Lack of long-term time-series observations of key processes related to hydrology, climate, biodiversity and land use at multiple scales.

Institutional dimensions of the livelihoods systems in Andean forests, especially in relation to collective action responses to threats associated with social and environmental processes.

Links between sustainable land management practices and the provision of key ecosystem goods and services.

Demand patterns of ecosystem goods and services and connection between stakeholders in territories, through externalities associated with land use regimes (e.g. agriculture – irrigation – agrochemical pollution).

Social and economic viability of sustainable productive alternatives, including low carbon agriculture and diversification of economic activities into other sectors.

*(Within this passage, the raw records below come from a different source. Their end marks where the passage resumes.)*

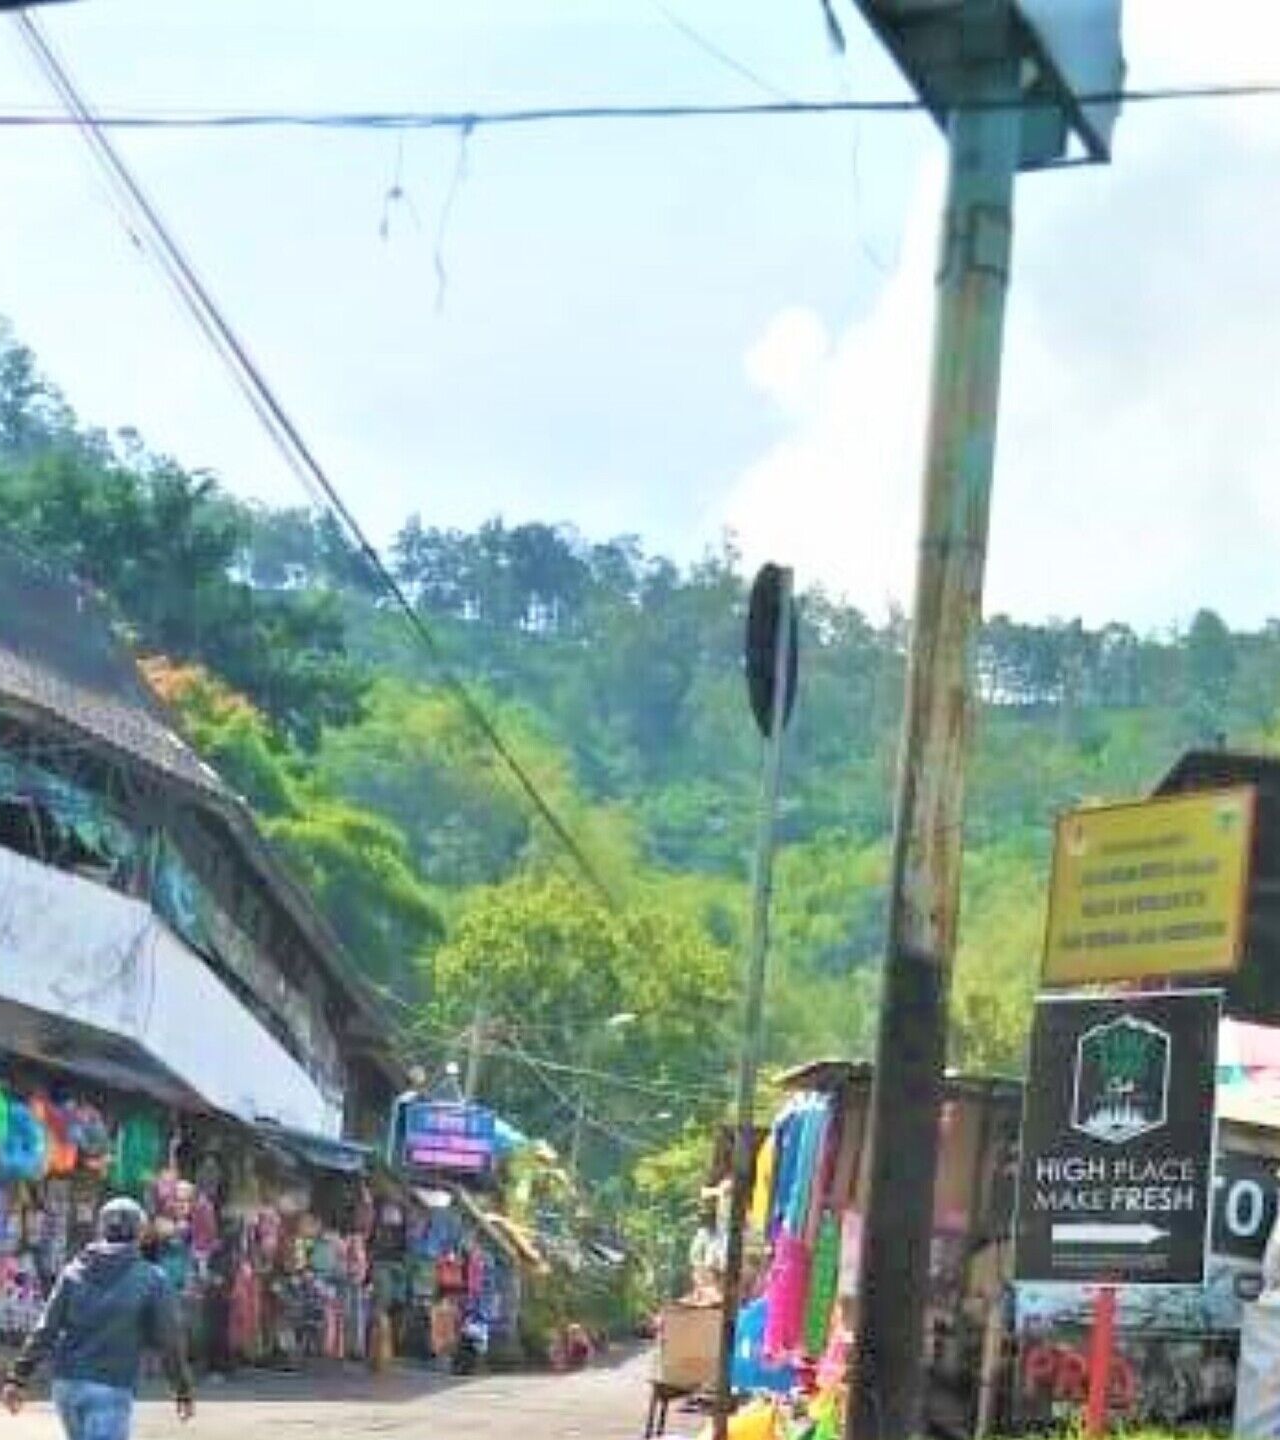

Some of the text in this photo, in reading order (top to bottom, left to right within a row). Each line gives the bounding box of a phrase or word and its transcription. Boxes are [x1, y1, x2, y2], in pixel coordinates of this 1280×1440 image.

[1036, 1156, 1195, 1182] HIGH PLACE
[1033, 1185, 1195, 1211] MAKE FRESH
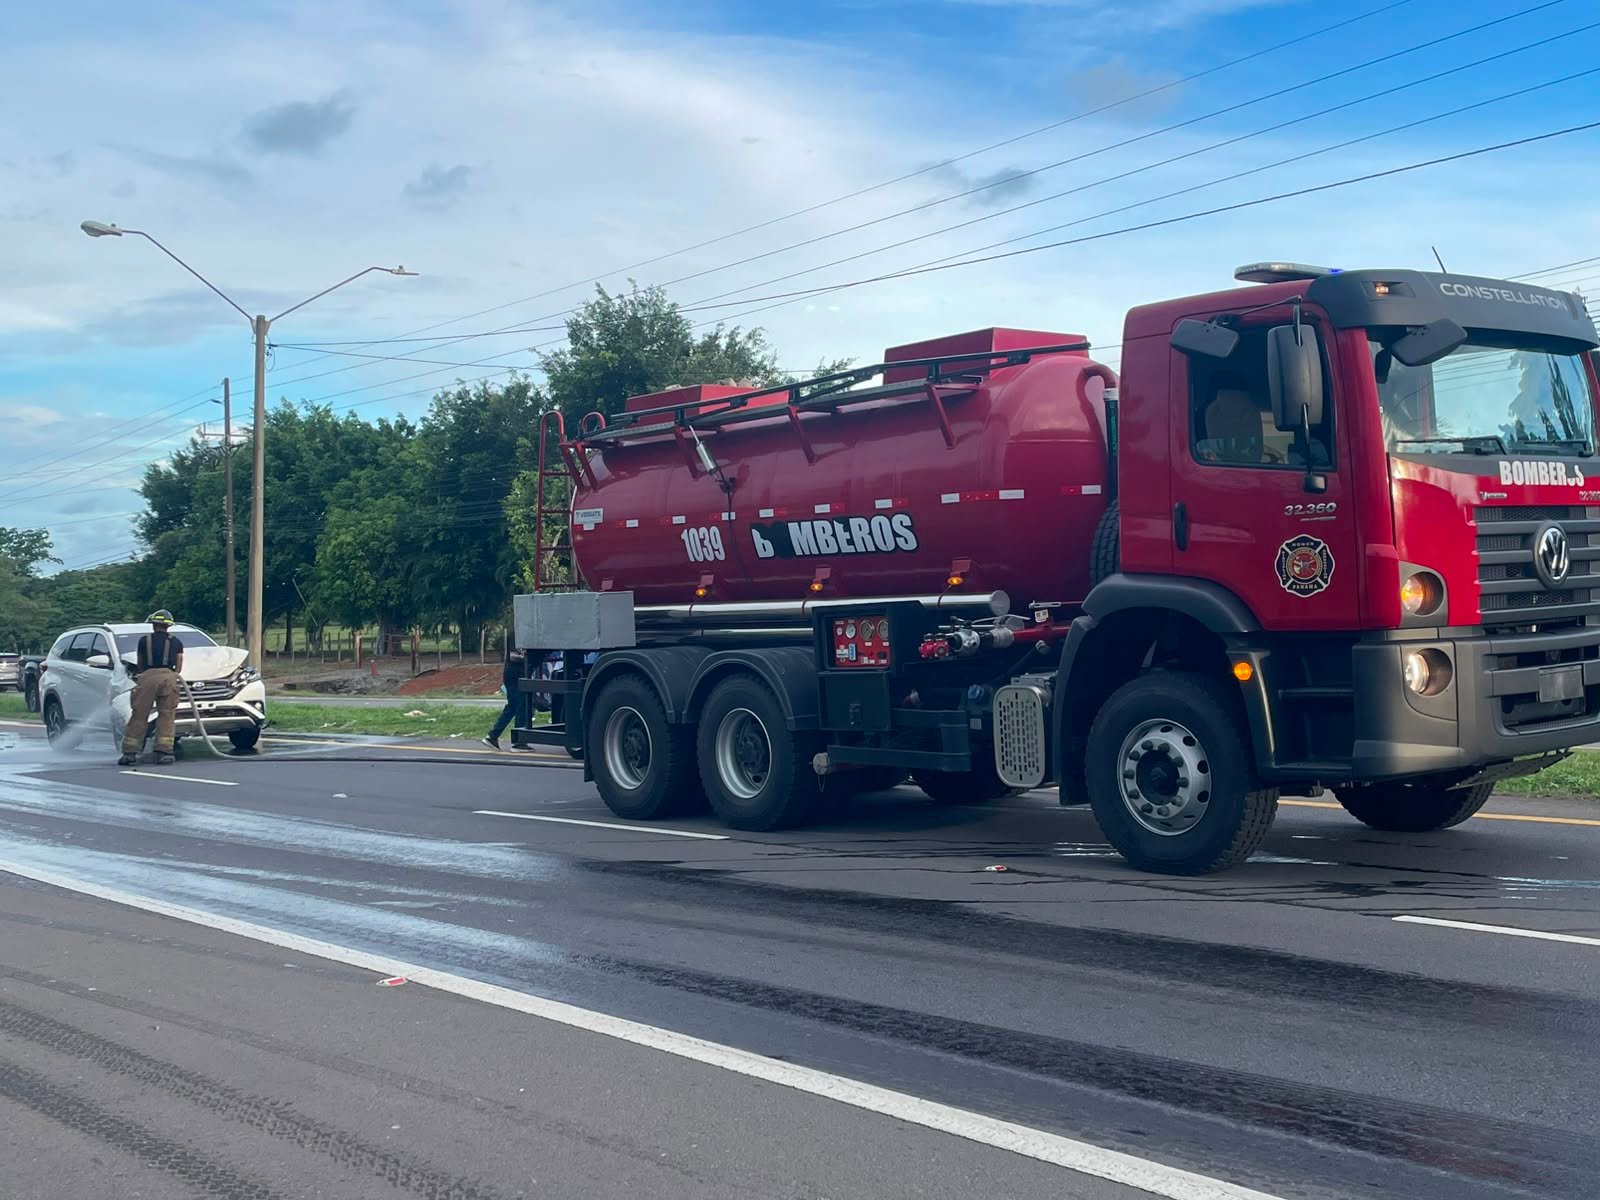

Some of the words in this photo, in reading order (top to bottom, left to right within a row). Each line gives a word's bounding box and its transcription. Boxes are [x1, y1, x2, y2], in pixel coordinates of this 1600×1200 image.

[1439, 282, 1568, 311] CONSTELLATION
[681, 526, 726, 562] 1039
[751, 513, 918, 558] BMBEROS

Development of observation tools for social and environmental processes, appropriate for the heterogeneity of the Andean forest landscapes (Echavarria 1998).

©Jan R. Baiker
©Jan R. Baiker

Governance schemes not effective enough

A key element of any strategy for the sustainable management of landscapes and ecosystems of Andean forests is to have governance schemes that facilitate the articulation, communication and coordination of actors with different objectives, roles, interests and abilities. In this respect, little is still known about the factors that promote successful responses for the sustainable management of ecosystems and the benefits they generate, including but not limiting to perceptions of scarcity, characteristics of groups of users (e.g. heterogeneity, dependence on resources, internal conflicts), and resource characteristics (e.g. spatial distribution, economic value) (Ostrom 2009; Oldekop et al. 2012). In a context of decentralized environmental governance in the Andes, the needs to characterize and meet the challenges associated with the coordination between actors at different levels of governance (e.g. central and local governments) and actors at the same level of governance become even more critical.